(Stored items from a collection)
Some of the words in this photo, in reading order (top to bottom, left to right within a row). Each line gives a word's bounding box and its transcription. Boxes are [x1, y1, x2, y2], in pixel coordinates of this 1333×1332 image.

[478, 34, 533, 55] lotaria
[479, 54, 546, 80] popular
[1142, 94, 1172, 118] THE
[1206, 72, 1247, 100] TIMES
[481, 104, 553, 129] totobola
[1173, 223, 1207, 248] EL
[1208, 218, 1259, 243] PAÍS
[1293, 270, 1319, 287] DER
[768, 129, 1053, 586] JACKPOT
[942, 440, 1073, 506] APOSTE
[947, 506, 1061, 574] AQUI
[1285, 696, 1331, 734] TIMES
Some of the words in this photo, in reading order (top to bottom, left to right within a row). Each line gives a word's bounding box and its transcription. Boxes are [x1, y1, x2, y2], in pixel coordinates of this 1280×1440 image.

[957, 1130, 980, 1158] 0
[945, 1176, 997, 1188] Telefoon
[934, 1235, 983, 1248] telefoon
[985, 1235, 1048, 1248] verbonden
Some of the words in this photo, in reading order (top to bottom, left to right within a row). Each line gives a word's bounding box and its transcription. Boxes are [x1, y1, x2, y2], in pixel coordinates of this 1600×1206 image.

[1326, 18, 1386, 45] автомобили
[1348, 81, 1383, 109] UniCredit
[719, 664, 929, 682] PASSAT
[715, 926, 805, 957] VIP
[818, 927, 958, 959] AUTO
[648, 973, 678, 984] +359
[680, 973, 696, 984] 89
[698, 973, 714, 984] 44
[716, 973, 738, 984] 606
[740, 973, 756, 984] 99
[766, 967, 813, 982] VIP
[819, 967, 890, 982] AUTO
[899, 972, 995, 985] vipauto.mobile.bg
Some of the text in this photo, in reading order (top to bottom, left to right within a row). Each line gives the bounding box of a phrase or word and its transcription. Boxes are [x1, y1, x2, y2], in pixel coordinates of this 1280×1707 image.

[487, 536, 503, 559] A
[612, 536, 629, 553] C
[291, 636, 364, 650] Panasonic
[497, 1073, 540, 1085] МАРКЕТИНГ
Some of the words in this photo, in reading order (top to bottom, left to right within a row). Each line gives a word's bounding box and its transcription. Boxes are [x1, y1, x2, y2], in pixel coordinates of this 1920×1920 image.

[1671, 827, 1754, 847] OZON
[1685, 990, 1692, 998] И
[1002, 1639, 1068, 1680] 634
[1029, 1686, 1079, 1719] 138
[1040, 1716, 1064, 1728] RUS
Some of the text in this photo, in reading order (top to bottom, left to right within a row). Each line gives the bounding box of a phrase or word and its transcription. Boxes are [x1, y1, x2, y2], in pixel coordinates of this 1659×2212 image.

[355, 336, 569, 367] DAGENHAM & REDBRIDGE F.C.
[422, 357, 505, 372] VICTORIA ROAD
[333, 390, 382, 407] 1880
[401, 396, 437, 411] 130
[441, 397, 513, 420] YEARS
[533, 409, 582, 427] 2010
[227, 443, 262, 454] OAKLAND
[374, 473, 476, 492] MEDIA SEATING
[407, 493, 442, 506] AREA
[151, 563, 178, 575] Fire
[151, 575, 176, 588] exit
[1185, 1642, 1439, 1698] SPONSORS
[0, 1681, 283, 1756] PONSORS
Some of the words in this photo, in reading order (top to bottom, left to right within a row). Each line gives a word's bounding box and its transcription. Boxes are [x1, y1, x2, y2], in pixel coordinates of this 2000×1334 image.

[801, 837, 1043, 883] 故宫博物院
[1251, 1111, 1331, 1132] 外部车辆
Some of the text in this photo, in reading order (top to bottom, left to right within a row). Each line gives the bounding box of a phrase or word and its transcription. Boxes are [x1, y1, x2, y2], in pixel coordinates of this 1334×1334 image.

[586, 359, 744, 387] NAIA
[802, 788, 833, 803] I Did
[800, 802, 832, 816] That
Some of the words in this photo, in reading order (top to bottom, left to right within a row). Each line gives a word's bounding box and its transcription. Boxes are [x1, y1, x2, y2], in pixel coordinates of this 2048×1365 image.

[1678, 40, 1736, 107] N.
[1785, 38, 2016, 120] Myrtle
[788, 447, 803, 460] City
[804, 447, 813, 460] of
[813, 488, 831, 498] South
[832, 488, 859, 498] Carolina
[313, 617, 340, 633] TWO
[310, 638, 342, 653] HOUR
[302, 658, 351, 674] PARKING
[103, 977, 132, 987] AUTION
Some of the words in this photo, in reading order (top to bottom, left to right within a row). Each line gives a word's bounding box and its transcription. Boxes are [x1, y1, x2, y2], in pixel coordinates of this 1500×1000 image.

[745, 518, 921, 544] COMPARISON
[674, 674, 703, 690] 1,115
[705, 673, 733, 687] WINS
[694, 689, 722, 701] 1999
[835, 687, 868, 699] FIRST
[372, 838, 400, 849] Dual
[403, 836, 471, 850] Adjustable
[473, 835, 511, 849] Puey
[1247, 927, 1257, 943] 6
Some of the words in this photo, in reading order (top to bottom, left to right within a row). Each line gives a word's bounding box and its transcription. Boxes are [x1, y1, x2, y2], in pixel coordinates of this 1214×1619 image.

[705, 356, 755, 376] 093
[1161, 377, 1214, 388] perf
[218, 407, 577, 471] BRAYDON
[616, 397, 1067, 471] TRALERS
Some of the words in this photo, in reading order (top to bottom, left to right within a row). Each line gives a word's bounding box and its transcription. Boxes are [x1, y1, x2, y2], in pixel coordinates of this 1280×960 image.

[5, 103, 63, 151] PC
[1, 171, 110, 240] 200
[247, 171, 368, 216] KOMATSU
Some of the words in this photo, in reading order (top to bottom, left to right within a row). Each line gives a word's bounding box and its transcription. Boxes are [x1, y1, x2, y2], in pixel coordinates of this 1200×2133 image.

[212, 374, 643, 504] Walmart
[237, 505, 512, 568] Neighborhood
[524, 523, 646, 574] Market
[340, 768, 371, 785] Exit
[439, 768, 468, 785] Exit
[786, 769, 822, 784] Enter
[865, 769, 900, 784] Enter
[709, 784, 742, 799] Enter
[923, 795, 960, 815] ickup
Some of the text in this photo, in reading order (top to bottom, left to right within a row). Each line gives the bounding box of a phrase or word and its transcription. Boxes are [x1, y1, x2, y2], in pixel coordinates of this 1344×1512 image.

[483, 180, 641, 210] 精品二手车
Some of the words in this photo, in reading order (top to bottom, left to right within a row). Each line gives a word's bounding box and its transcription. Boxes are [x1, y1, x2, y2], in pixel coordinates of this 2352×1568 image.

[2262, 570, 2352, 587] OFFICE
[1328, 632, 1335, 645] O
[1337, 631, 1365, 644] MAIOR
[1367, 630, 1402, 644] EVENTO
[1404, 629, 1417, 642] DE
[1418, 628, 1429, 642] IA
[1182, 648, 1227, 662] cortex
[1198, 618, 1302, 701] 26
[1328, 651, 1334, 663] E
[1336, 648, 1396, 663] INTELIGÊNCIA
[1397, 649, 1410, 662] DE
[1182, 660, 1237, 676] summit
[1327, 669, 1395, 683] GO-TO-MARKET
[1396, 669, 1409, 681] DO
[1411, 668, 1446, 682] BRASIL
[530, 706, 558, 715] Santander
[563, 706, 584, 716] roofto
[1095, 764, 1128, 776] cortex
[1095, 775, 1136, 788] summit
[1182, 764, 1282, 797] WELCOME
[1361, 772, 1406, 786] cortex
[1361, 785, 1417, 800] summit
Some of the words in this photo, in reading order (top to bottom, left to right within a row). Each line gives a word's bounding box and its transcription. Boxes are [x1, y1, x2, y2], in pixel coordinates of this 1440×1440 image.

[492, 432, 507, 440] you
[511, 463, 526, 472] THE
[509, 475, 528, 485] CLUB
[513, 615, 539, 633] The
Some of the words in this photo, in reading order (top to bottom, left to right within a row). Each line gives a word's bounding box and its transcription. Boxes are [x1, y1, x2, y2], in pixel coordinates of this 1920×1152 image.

-- Exercise brief --
Write out, word for word, the line containing "this 1440×1440 image." and all the lines after it in the entries above, and nothing more.

-- Answer to this task --
Some of the words in this photo, in reading order (top to bottom, left to right within a row). Each line gives a word's bounding box and its transcription. Boxes are [x1, y1, x2, y2], in pixel coordinates of this 1440×1440 image.

[492, 432, 507, 440] you
[511, 463, 526, 472] THE
[509, 475, 528, 485] CLUB
[513, 615, 539, 633] The
Some of the words in this photo, in reading order (top to bottom, left to right within a row). Each line gives a word's bounding box and its transcription. Boxes are [x1, y1, x2, y2], in pixel coordinates of this 1920×1152 image.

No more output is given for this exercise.